The Charleston shooting, rooted in a deep tradition of anti-black violence, is also part of an inescapable history. There are too many anguished echoes to tally. There are the church bombings of the civil rights era just half a century ago. There are the lynchings, murders, bombings, riots, and rapes that were the enforcement arm of the unwritten codes of segregation. There is the violence, physical and legal, done to slaves since before there was a Constitution or a United States.the shooting in Charleston ended that self-indulgent reverie.

The vicious killings at the Emanuel AME Church on Wednesday reminds us brutally that race in 2015 isn’t only about fluid boundaries, elective minority status, or a postmodern sense of identity in transition. Race — for African-Americans especially — is still often a hard social marker. In this case, a target.

This racialized violence was used to make and enforce boundaries of race — and let’s be clear, to define race in terms of blackness versus non-blackness. It was not an incidental aspect of the American republic, the Confederate rebellion, or wannabe-Confederate revivalism today. It is at the very core of our nation’s history and contemporary civic life.

Racism has existed throughout human history. It may be defined as the hatred of one person by another — or the belief that another person is less than human — because of skin color, language, customs, place of birth or any factor that supposedly reveals the basic nature of that person.

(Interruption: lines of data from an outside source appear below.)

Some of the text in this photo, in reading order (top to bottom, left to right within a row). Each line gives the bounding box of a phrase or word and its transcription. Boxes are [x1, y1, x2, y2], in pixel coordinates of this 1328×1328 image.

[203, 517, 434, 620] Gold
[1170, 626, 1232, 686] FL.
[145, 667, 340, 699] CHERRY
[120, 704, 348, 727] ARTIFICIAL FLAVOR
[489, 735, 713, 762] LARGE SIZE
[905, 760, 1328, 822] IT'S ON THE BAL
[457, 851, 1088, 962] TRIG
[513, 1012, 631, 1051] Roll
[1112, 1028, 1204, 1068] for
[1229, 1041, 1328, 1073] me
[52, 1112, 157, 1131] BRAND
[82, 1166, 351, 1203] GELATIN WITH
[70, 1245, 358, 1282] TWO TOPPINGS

It has influenced wars, slavery, the formation of nations, and legal codes.

Racism is the belief that a particular race is superior or inferior to another, that a person’s social and moral traits are predetermined by his or her inborn biological characteristics. Racial separatism is the belief, most of the time based on racism, that different races should remain segregated and apart from one another.

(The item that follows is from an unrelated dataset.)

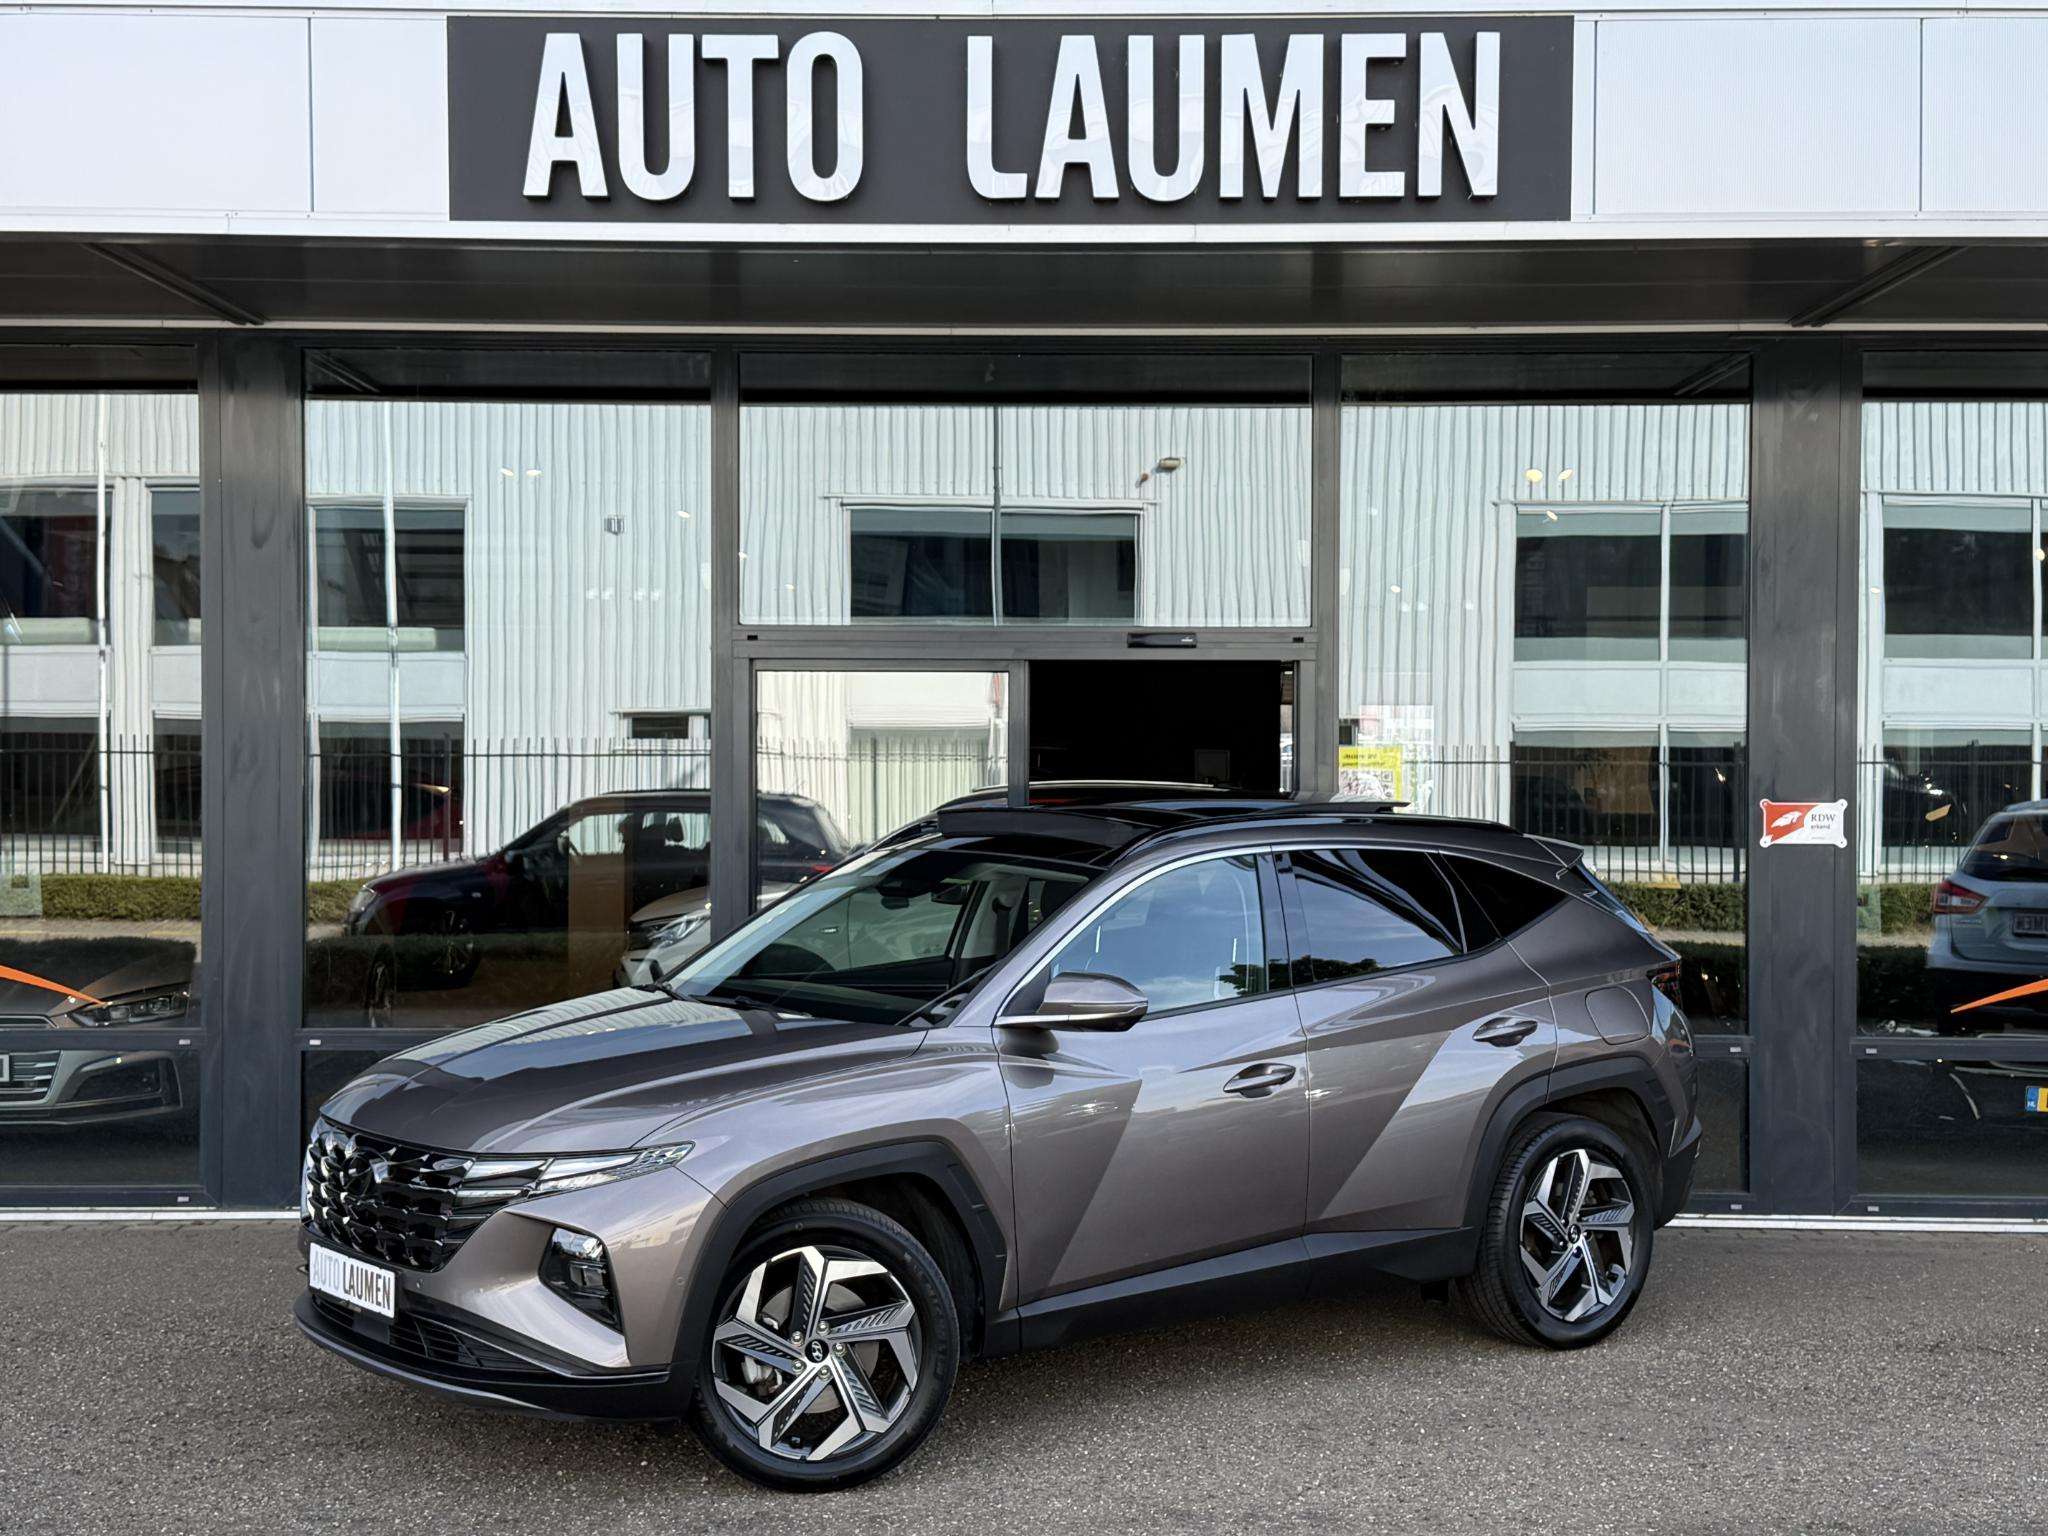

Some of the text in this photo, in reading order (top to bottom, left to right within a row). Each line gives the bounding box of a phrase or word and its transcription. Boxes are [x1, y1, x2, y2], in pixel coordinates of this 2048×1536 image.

We live quite in different century of human history. Humanity should revise and re consider its values, beliefs and thinking by the present day actions and pages of the human history. Make no mistake in human identity. Make no mistake in human achievements and accomplishments to date in which all human races are undertaking in every part of the world. Wake up and smell the coffee and the aroma of the coffee that encircles this world, and have sip of it. We live quite in different age and time and century of light of the world. See things with unbiased and unprejudiced minds, belief and thinking.

Do not be superficial in you thinking and action, but rather be the real you. That old pages of the history of human kind has no space and pages left in this new and present day human history and books. Those old traditions and beliefs are part of the human history, but they cannot fit to present day society as far as they are timely and urgent need of the present day of the world. Otherwise, they will be kept as part of the human history in the book of humanity as they will not have and cover any other space and page to the world. Be alive and active to the world by respecting the nobility and honor of the human kind in every place and part of the world. Do not feel that one is unique from other, but all have something to share to this world with responsible and accountable manner.

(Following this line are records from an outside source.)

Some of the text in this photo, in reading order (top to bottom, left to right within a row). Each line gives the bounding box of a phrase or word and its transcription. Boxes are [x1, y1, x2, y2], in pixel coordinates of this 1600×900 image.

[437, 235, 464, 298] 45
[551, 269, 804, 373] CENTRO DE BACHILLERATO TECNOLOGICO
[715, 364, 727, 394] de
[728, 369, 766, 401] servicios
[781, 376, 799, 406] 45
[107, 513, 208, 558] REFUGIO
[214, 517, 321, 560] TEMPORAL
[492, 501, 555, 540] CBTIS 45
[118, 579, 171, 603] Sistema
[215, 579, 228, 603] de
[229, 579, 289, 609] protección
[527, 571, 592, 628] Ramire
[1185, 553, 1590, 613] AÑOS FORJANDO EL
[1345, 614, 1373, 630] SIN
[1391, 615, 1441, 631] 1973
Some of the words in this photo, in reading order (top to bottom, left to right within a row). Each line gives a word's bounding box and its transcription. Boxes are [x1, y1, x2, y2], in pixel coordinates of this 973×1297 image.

It is indeed appropriate to quote Statement from dear respected and honored Martin Luther king famous speech, which is read as follows:

I am happy to join with you today in what will go down in history as the greatest demonstration for freedom in the history of our nation.

Five score years ago, a great American, in whose symbolic shadow we stand today, signed the Emancipation Proclamation. This momentous decree came as a great beacon light of hope to millions of Negro slaves who had been seared in the flames of withering injustice. It came as a joyous daybreak to end the long night of their captivity.

But one hundred years later, the Negro still is not free. One hundred years later, the life of the Negro is still sadly crippled by the manacles of segregation and the chains of discrimination. One hundred years later, the Negro lives on a lonely island of poverty in the midst of a vast ocean of material prosperity. One hundred years later, the Negro is still languished in the corners of American society and finds himself an exile in his own land. And so we’ve come here today to dramatize a shameful condition.

Let us not wallow in the valley of despair, I say to you today, my friends.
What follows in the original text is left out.